## Recorded information
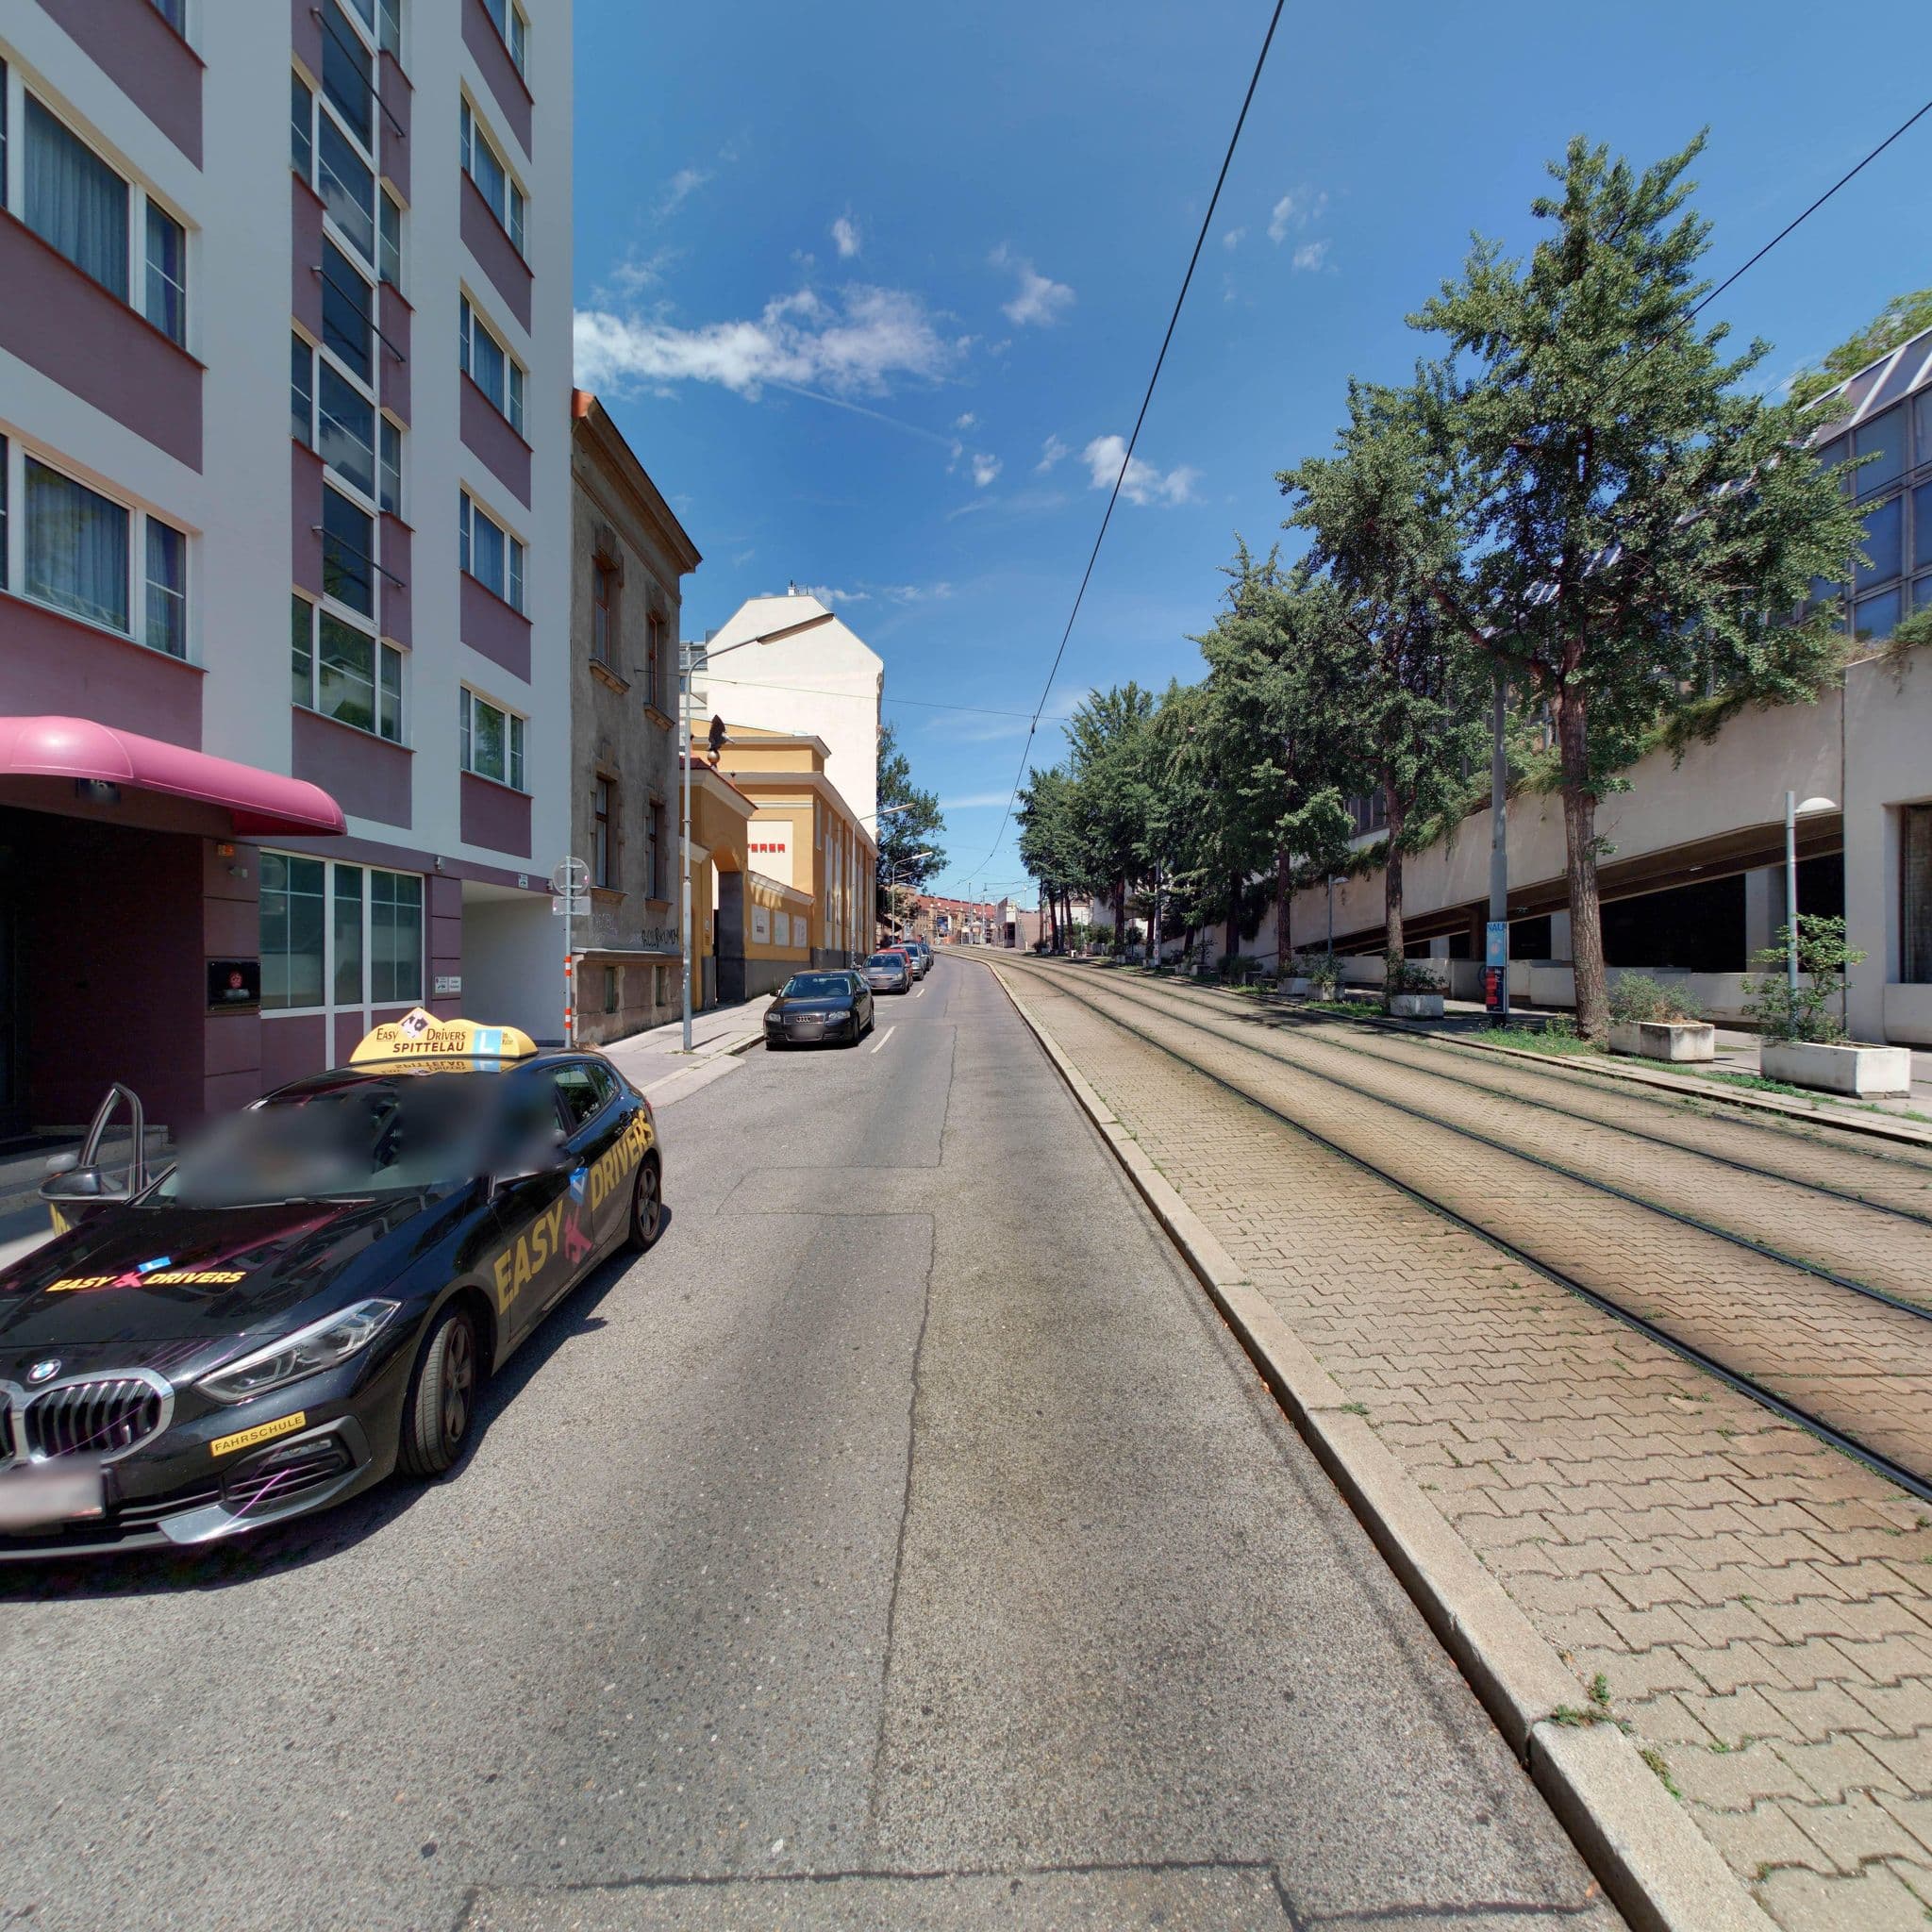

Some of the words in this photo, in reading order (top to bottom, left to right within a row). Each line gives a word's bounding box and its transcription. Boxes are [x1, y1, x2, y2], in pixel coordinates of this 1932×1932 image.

[748, 843, 785, 853] ERER
[376, 1028, 399, 1041] EASY
[481, 1031, 495, 1054] L
[392, 1041, 465, 1053] SPITTELAU
[493, 1200, 563, 1316] EASY
[589, 1122, 655, 1211] DRIVERS
[45, 1275, 118, 1292] EASY
[142, 1272, 247, 1285] DRIVERS
[214, 1416, 304, 1452] FAHRSCHULE

## Task details
Could the data be reproduced exactly, with the pictures omitted?

## Answer
Some of the words in this photo, in reading order (top to bottom, left to right within a row). Each line gives a word's bounding box and its transcription. Boxes are [x1, y1, x2, y2], in pixel coordinates of this 1932×1932 image.

[748, 843, 785, 853] ERER
[376, 1028, 399, 1041] EASY
[481, 1031, 495, 1054] L
[392, 1041, 465, 1053] SPITTELAU
[493, 1200, 563, 1316] EASY
[589, 1122, 655, 1211] DRIVERS
[45, 1275, 118, 1292] EASY
[142, 1272, 247, 1285] DRIVERS
[214, 1416, 304, 1452] FAHRSCHULE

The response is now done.